Vocês haverão de dizer que assunto mais besta é esse?

Não é não.

É um alerta, é um grito de dor.

Hà duas semanas sofro com uma hérnia de disco que não sabia existir.

De repente, uma imensa dor na região da canela que passou a me impossibilitar de andar e, às vezes, até mesmo de ficar em pé.

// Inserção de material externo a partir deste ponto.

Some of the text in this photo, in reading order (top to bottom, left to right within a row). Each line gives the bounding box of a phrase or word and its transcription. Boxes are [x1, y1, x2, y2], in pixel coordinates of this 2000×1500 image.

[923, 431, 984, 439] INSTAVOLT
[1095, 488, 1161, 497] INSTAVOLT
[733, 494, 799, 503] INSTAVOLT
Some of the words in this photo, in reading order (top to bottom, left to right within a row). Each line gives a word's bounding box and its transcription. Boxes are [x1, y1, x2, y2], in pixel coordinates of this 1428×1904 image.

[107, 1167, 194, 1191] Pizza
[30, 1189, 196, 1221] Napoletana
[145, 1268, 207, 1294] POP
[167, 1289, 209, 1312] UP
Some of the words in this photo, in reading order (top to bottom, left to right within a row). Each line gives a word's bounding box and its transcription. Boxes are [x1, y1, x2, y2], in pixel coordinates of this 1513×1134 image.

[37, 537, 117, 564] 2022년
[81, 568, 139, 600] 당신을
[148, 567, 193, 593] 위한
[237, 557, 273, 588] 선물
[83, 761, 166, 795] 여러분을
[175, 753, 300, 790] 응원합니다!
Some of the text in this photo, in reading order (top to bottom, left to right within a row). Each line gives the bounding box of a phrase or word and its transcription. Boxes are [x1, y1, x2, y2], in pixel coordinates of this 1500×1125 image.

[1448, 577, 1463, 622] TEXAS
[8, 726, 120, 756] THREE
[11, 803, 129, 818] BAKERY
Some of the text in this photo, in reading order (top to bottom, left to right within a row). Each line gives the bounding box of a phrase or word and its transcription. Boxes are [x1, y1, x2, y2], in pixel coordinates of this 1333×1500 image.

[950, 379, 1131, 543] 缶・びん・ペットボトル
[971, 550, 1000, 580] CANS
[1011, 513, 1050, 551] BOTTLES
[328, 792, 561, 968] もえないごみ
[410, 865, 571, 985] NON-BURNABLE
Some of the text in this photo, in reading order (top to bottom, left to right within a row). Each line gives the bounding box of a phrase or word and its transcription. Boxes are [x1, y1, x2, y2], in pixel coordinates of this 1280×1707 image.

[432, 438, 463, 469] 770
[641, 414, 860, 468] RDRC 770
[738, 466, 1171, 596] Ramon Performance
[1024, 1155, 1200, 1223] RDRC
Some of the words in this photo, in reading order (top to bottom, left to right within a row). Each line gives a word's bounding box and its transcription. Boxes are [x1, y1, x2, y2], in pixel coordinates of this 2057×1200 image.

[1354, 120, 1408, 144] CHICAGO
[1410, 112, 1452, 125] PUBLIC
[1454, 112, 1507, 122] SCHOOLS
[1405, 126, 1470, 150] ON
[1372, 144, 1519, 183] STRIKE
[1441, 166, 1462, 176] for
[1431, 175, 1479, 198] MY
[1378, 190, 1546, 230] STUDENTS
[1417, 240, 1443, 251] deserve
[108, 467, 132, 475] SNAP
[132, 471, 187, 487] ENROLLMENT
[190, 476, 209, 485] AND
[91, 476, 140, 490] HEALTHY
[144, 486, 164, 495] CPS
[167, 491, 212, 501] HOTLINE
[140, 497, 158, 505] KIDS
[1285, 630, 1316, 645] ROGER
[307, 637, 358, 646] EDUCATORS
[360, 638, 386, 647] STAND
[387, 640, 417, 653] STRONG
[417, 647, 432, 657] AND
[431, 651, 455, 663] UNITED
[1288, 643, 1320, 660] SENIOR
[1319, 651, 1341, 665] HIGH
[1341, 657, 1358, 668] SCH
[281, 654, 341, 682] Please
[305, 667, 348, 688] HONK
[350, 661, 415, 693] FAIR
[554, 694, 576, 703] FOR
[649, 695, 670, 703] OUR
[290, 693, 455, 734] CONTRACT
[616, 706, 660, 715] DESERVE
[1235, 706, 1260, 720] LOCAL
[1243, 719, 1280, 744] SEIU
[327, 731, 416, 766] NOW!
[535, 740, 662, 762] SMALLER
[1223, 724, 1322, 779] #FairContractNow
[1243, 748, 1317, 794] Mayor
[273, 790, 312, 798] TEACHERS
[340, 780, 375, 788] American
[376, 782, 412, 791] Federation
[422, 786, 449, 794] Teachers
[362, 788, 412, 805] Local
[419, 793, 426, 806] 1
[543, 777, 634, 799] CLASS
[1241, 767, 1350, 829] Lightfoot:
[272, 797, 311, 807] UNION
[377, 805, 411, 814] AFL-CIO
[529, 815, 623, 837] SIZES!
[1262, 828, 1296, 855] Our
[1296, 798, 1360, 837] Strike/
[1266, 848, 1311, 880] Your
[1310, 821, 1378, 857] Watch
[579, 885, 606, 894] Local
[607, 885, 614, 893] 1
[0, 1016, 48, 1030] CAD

Parece que uma faca corta suas entranhas.

Mas, não é na coluna?

Sim, só que a hérnia, proveniente da saída do disco de entre uma vértebra e outra faz com que esse disco pressione o nervo que, por sua vez tem um feixe de 21 outros nervos e que se estendem pela perna.

Quando pressiona ou pinça o nervo, a “coisa” pega.

A bateria de remédios que estou tomando é imensa.

Agora estou fazendo uma fisioterapia especial em uma mesa americana de descontração que tenta afastar uma vértebra da outra.

E o pior é que nenhum tratamento lhe dá qualquer tipo de previsão. Já estou cansado de ouvir falar que “é demorado”, “que tenha paciência” e que, “por favor nem pense em cirurgia”.

E não penso mesmo.

Fica aqui apenas uma divisão com vocês.

Ao mesmo para alertar para os carregamentos de pesos inúteis, para a falta de postura, para os exercícios sem acompanhamento e esse mundo de coisas da vida moderna que acabam atrapalhando nosso futuro.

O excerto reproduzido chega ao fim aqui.